John Spencer wouldn’t have been my pick for Greatest Actor of His Generation. He wasn’t on my mind a lot and to his credit you never saw him staring out at you from a tabloid at the checkout line. Maybe that will change next week but I wouldn’t bet on it.
That said, if you dropped his name in conversation the first thing I’d likely say is “Oh yeah, really good actor!”
And if you’d pressed the subject a little further I might have shared “My John Spencer Story.”
It would have taken place in the winter of 1999-2000. I’m guessing it was January or February of 2000 because it was miserably cold and the rain was freezing and the ground was covered in slush.
I was working, as I often did back then, as an extra/stand-in. In this case it was for the actor Tim Matheson, who at that time was a recurring guest-star on “West Wing” playing Vice-President John Hoynes.
It was a night shoot in my home town of Washington D.C. and like I said it was cold. We were outside the D.A.R. Constitution Hall where years earlier my high school graduation took place without the pleasure of my company. (Another story for another time)
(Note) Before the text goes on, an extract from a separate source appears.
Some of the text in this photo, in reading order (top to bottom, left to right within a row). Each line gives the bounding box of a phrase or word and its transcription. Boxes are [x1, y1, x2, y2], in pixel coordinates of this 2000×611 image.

The D.A.R. was doubling for a White House driveway, because what the hell, it was white, it had stony columns and the visible actors’ breath was free.
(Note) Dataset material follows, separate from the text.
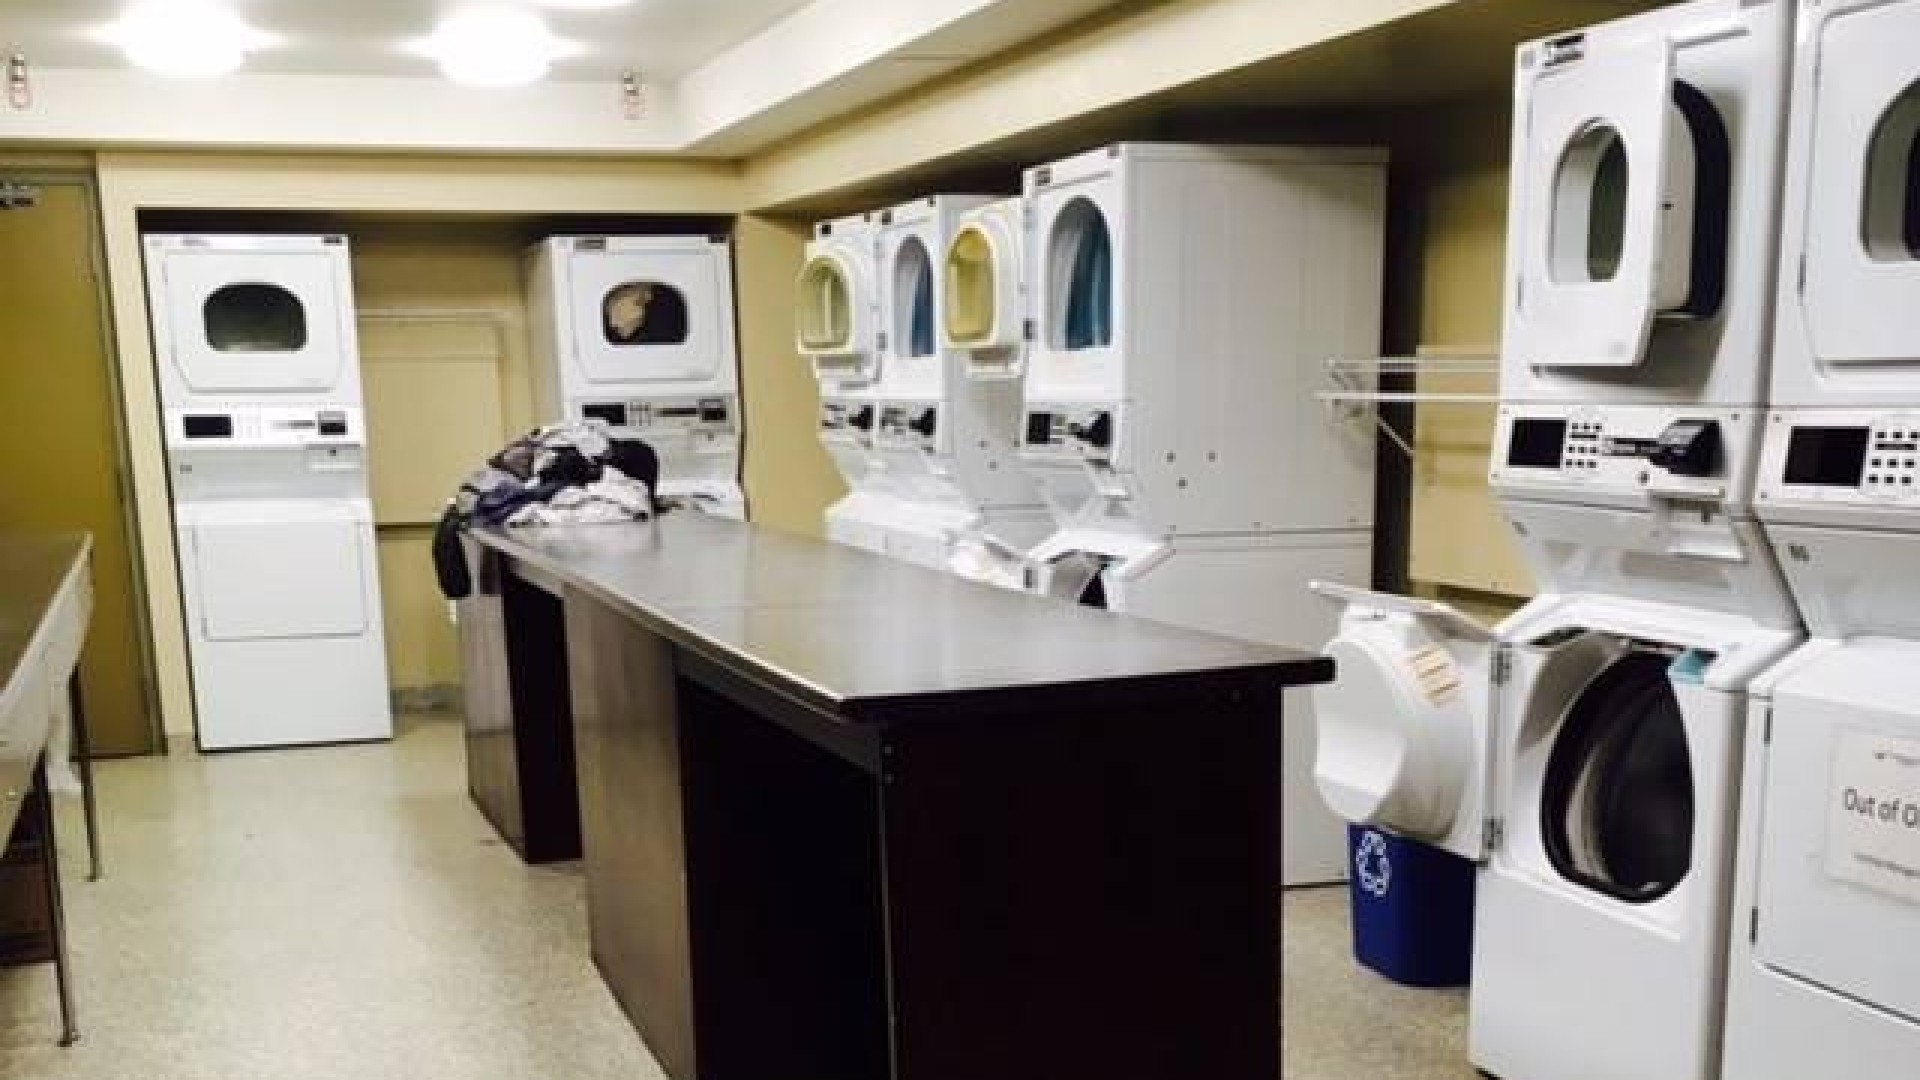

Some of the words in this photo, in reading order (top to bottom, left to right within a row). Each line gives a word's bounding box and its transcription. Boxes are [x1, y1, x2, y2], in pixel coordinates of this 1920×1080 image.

John Spencer and Tim Matheson were supposed to have a tense, hurried conversation about something and then Vice-President Hoynes would retreat into his limo and drive off leaving Leo to wonder if he’d made his point.
Or something like that.
All I cared about was that the heat was on in the limo and when I got to slide into the back, looking as Tim Matheson-ish as possible, it was the closest thing I got to feeling my fingers all night. Then it was “back to one” and stamping my feet and rubbing my arms with the rest of DC’s finest local talent.
During one of several breaks we took I ended up in one of the mens rooms of the DAR and here’s where memory gets a little dodgy after five years. Either I was in a stall and John Spencer walks in or John Spencer is in a stall and I walk in. All I know for sure is that he did not know I was there.
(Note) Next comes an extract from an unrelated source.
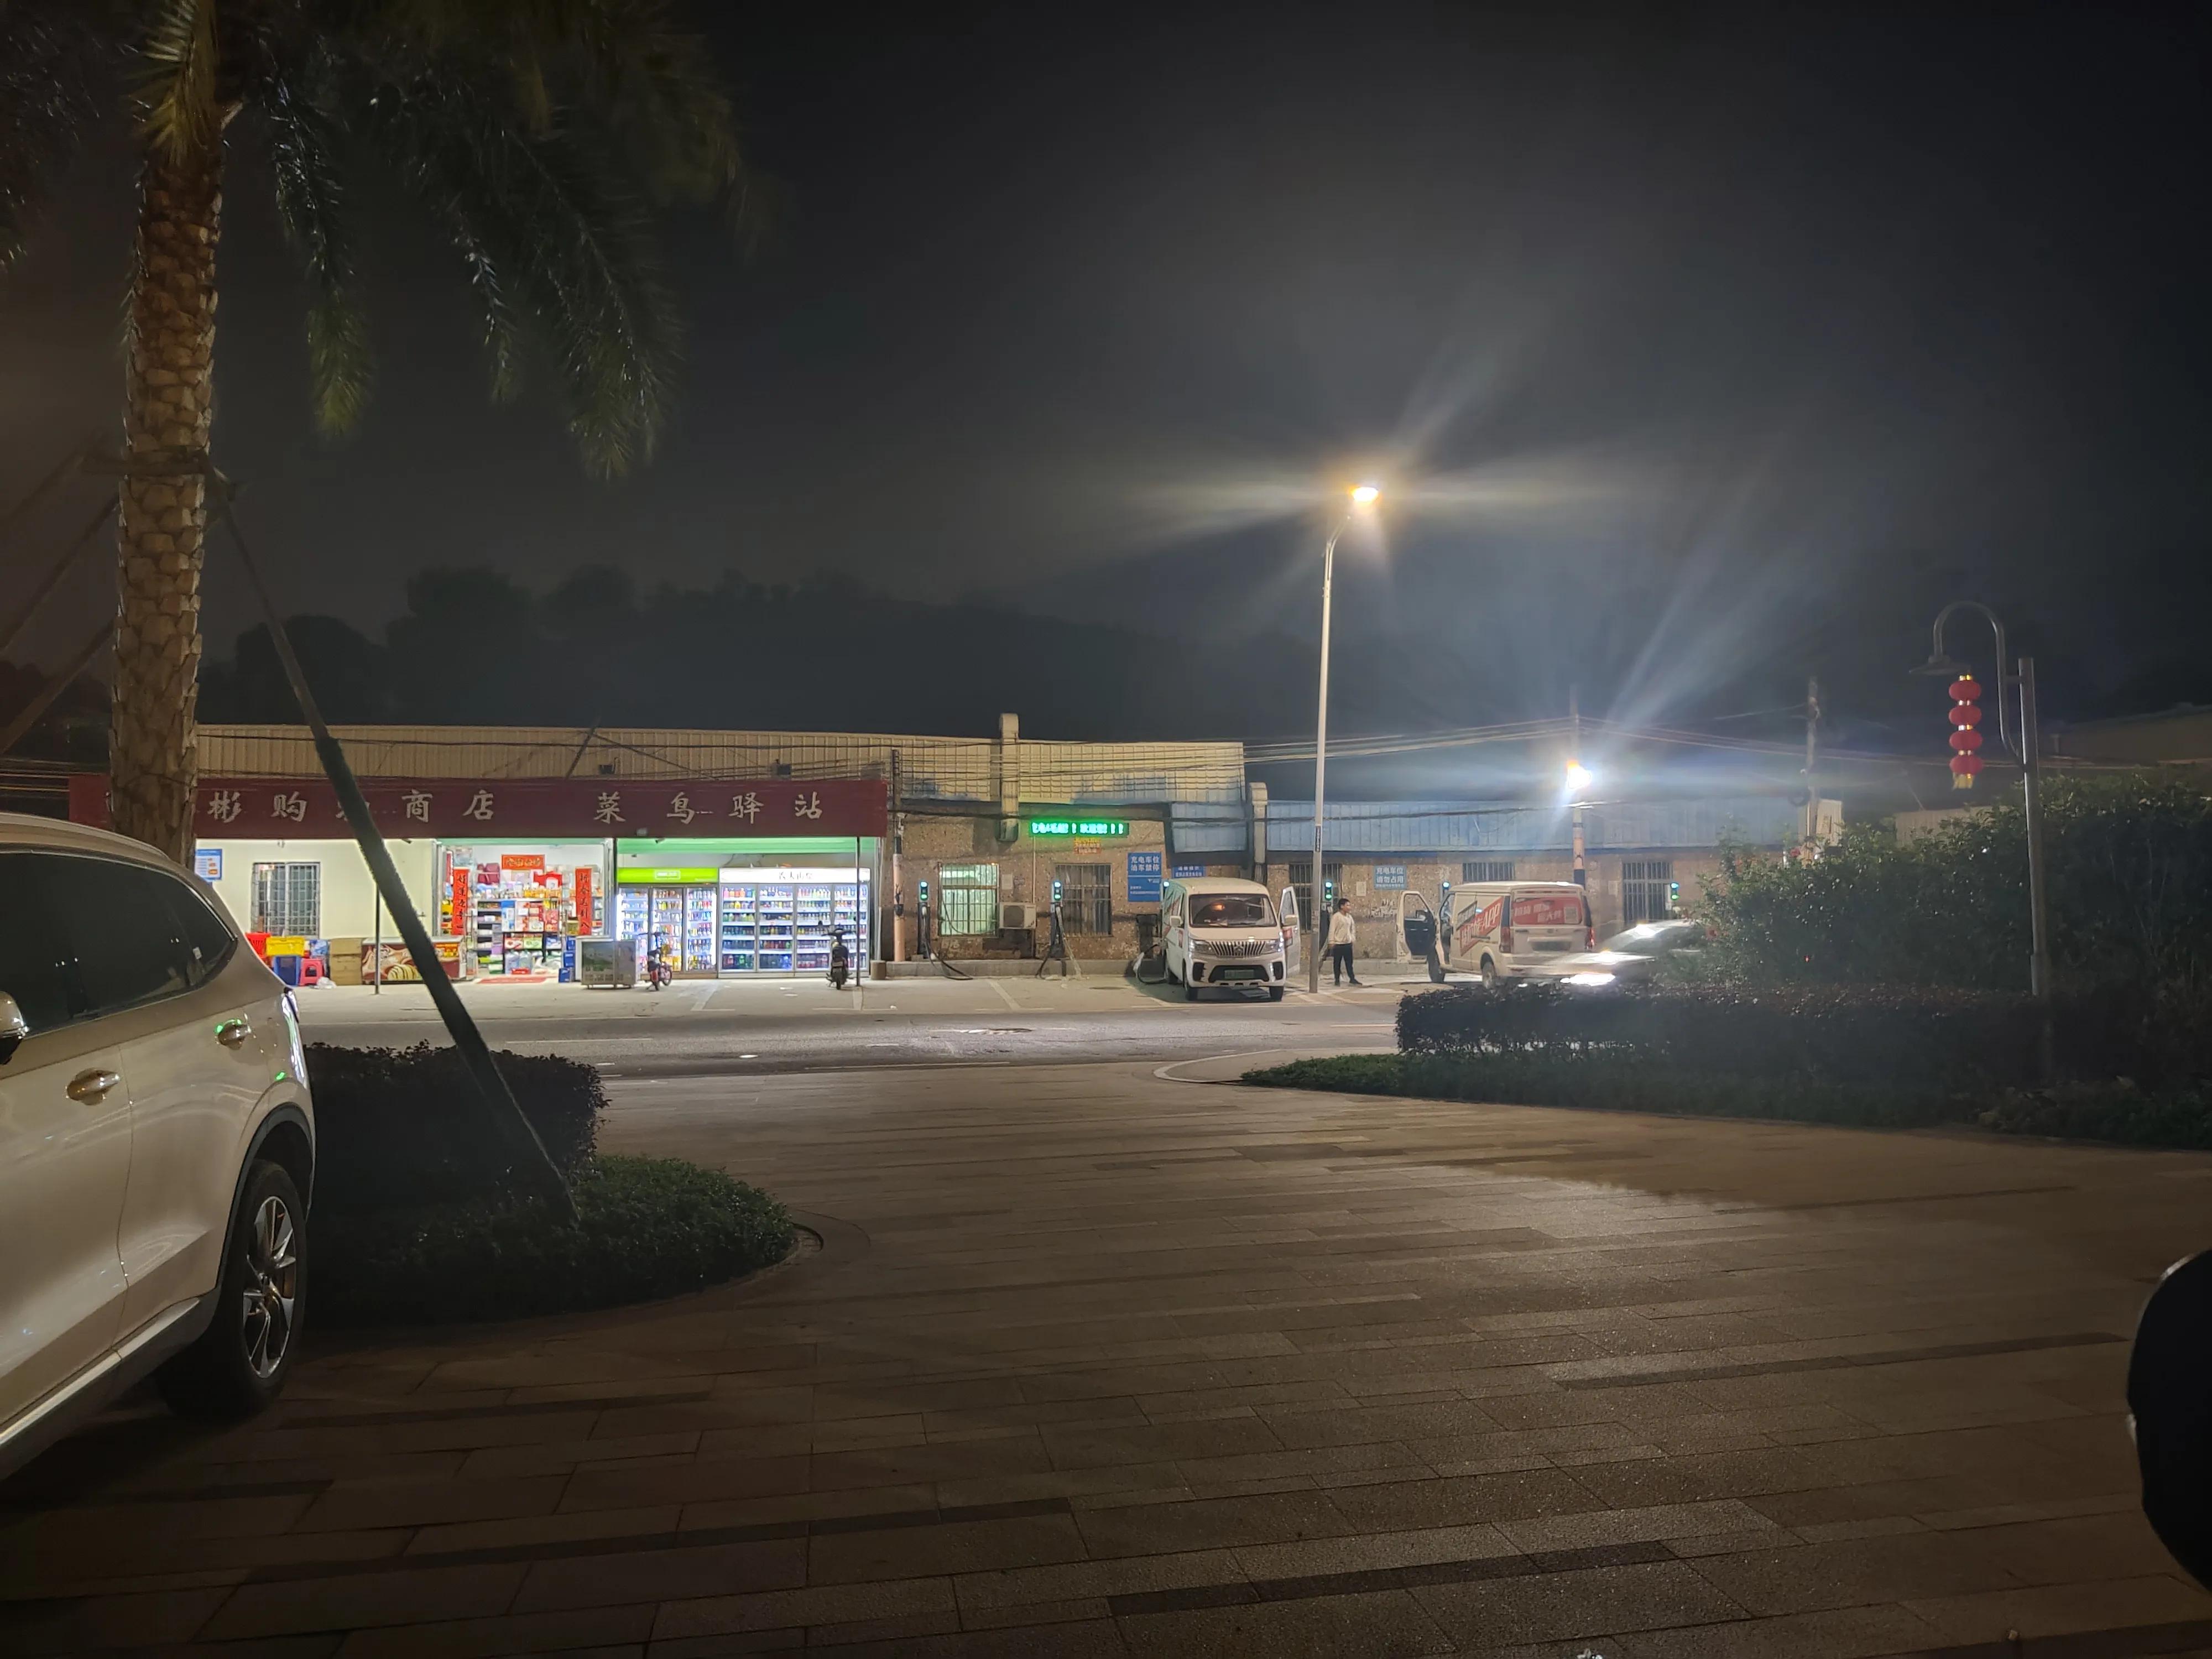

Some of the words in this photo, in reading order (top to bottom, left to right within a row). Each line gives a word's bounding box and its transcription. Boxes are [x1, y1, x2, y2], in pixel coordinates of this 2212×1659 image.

[105, 789, 494, 822] 彬购商店
[594, 791, 823, 824] 菜鸟驿站
And he starts practicing his lines.
With an intensity and urgency millions of viewers would come to recognize and his peers would reward with an Emmy and a Screen Actors Guild award.
I breathed real quietly and realized I had a free ticket to a show, an audit session for an acting class, or just a funny story to tell. So long as I kept very quiet.
Which I did. Maybe two minutes went by as John Spencer continued urging the Vice-President (in absentia) to do or say or not do or say something and then there was a flush, a washing of hands, and a door swinging open and shut and I suppose I must have come out of my stall at that point, very pleased for my backstage pass or whatever it was.
Later that night Mr. Spencer slipped on one of the many wet surfaces around the set and wrenched his knee badly enough that a medic came along and put a brace or a bandage on it.
It delayed shooting by almost no time as, I suppose, a couple of cameras were re-focused to shoot only above Leo’s waist.
That was it. No bitching, no calls to the agent or screaming about who let unauthorized moisture onto the set. There was a scene to be played and it got played, over and over, into the freezing early morning of DC winter.
And then everyone went home to bed until they were lucky enough to get paid to do this again.
John Spencer and I never passed two words to each other that night or any other. That’s too bad because it certainly isn’t going to happen now.
If I could say anything to him I guess it would be along the lines of “Good work.”
If it were me I think that would be okay.